Important Information and Where to Find
It
Black Hills intends to file a registration statement on Form S-4
with the SEC to register the shares of Black Hills’ common stock that will be issued to NorthWestern Energy stockholders in connection
with the proposed transaction. The registration statement will include a joint proxy statement of Black Hills and NorthWestern Energy
that will also constitute a prospectus of Black Hills. The definitive joint proxy statement/prospectus will be sent to the stockholders
of each of Black Hills and NorthWestern Energy in connection with the proposed transaction. Additionally, Black Hills and NorthWestern
Energy will file other relevant materials in connection with the merger with the SEC. Investors and security holders are urged to read
the registration statement and joint proxy statement/prospectus when they become available (and any other documents filed with the sec
in connection with the transaction or incorporated by reference into the joint proxy statement/prospectus) because such documents will
contain important information regarding the proposed transaction and related matters. Investors and security holders may obtain free copies
of these documents and other documents filed with the SEC by Black Hills or NorthWestern Energy through the website maintained by the
SEC at http://www.sec.gov or by contacting the investor relations department of Black Hills or NorthWestern Energy at investorrelations@blackhillscorp.com
or travis.meyer@northwestern.com, respectively.
Before making any voting or investment
decision, investors and security holders of Black Hills and NorthWestern Energy are urged to read carefully the entire registration statement
and joint proxy statement/prospectus when they become available, including any amendments thereto (and any other documents filed with
the SEC in connection with the transaction) because they will contain important information about the proposed transaction. Free copies
of these documents may be obtained as described above.

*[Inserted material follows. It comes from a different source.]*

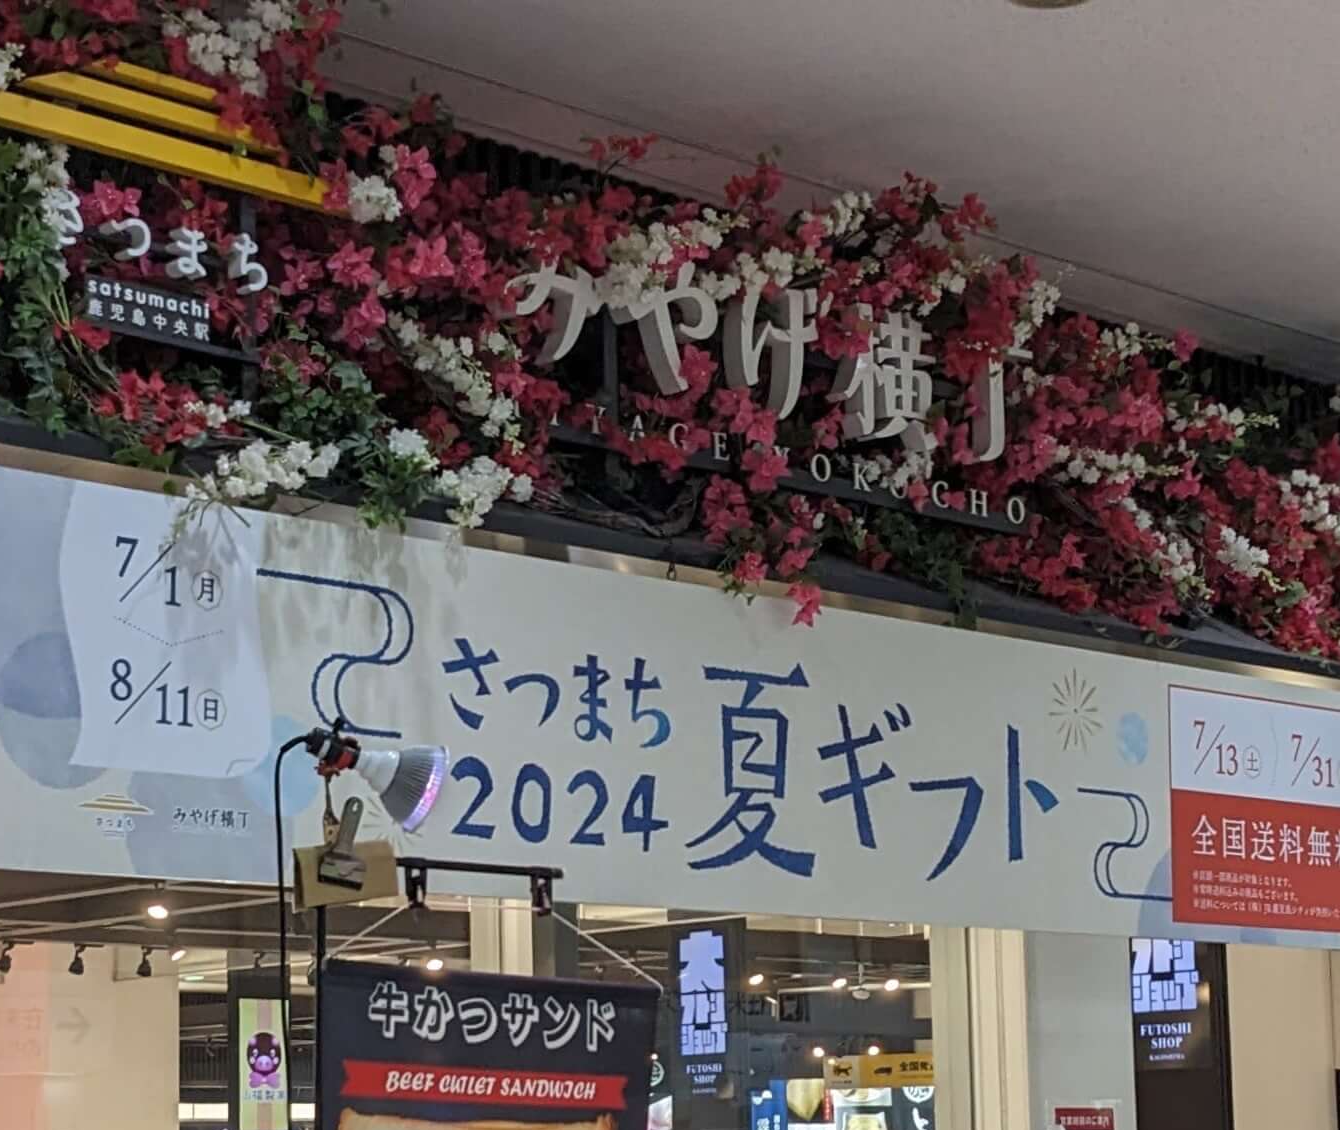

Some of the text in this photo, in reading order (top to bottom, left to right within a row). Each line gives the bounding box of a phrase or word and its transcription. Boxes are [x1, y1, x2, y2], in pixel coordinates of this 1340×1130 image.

Participants in Solicitation
Black Hills, NorthWestern Energy and certain of their directors and
executive officers may be deemed participants in the solicitation of proxies from the stockholders of each of Black Hills and NorthWestern
Energy in connection with the proposed transaction. Information regarding the directors and executive officers of Black Hills and NorthWestern
Energy and other persons who may be deemed participants in the solicitation of the stockholders of Black Hills or of NorthWestern Energy
in connection with the proposed transaction will be included in the joint proxy statement/prospectus related to the proposed transaction,
which will be filed by Black Hills with the SEC. Information about the directors and executive officers of Black Hills and their ownership
of Black Hills common stock can also be found in Black Hills’ filings with the SEC, including its Annual Report on Form 10-K
for the fiscal year ended December 31, 2024, which was filed on February 12, 2025, under the header “Information About
Our Executive Officers,” and its Proxy Statement on Schedule 14A, which was filed on March 14, 2025, under the headers “Election
of Directors” and “Security Ownership of Management and Principal Shareholders,” and other documents subsequently filed
by Black Hills with the SEC. Information about the directors and executive officers of NorthWestern Energy and their ownership of NorthWestern
Energy common stock can also be found in NorthWestern Energy’s filings with the SEC, including its Annual Report on Form 10-K
for the fiscal year ended December 31, 2024, which was filed on February 13, 2025, under the header “Information About
Our Executive Officers” and its Proxy Statement on Schedule 14A, which was filed on March 12, 2025, under the headers “Election
of Directors” and “Who Owns our Stock”. To the extent any such person’s ownership of Black Hills’ or NorthWestern
Energy’s securities, respectively, has changed since the filing of such proxy statement, such changes have been or will be reflected
on Forms 3, 4 or 5 filed with the SEC. Additional information regarding the interests of such participants will be included in the joint
proxy statement/prospectus and other relevant documents regarding the proposed transaction filed with the SEC when they become available.